There's a client that can do graphics if you ask for it. Which I don't. But indeed, I don't know if the time spent rendering the graphics is excluded from the time reported to boinc, which would mean that indeed you would get (or at least claim) credit for that "work" if you leave the graphics running. I guess that's one more reason for the validator to take the median claimed credit as the awarded one.

> I like credits: they tell me a that my boxes work OK. Boinc is a kind of snmp
> ;-)

Good point. [OT]Similar to why I donate blood: it's a free regular medical check-up... ;)[/OT]
35) Message boards : Number crunching : more power - less credit (Message 37988)
Posted 18 Oct 2004 by Bart Barenbrug
Post:
> I remember we did the tests, but I don't recall the outcome.

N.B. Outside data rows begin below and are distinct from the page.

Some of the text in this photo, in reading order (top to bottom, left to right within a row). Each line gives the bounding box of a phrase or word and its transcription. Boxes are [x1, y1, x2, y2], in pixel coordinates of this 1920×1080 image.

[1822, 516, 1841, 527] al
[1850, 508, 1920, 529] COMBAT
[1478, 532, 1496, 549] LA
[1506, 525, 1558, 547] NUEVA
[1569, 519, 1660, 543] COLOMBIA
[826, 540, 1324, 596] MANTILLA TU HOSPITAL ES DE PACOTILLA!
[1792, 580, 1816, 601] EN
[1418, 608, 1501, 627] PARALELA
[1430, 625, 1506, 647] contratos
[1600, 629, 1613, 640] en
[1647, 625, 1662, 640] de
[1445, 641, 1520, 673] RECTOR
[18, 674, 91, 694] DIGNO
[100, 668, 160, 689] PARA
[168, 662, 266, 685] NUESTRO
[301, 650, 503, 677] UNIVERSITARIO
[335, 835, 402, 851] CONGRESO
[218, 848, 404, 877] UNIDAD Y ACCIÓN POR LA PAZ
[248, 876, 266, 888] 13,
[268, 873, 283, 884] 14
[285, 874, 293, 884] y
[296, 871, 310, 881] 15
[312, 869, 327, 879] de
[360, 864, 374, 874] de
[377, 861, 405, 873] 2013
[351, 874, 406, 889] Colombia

I guess because
> I have a hard time getting worked up about this ...

True, there are many more important things. I guess I was having too much time yesterday (finally a free Sunday, and what do I do: work some formulas... *grin*).

> The problem I still see is that there is no project independent way to derive
> the loading factor. And that is the point.

Indeed, since the new parameter is supposed to characterise a project (in terms of how much its computations are like the Drhystone benchmark computations versus the Whetstone benchmark computations), that may indeed be not so easy. I don't know exactly how the computation time is currently predicted, but would it be possible to predict using the Drhystone number alone, predict using the Whetstone number alone, and then process a workunit and see which interpolation weight would be needed to combine the two predicted values into the actual time taken? This would have to be averaged over a larger number of work units of course (the set being sort of a representative set of the different work units a project might have; and it's up to each project to determine such a set with more or less accuracy), and also over a representative set of machine types, but it would only have to be done once for every project (maybe updated now and again as new machines come out). Still a reasonable amount of work, which luckily can be automated (even farmed out, if you want... ;) ).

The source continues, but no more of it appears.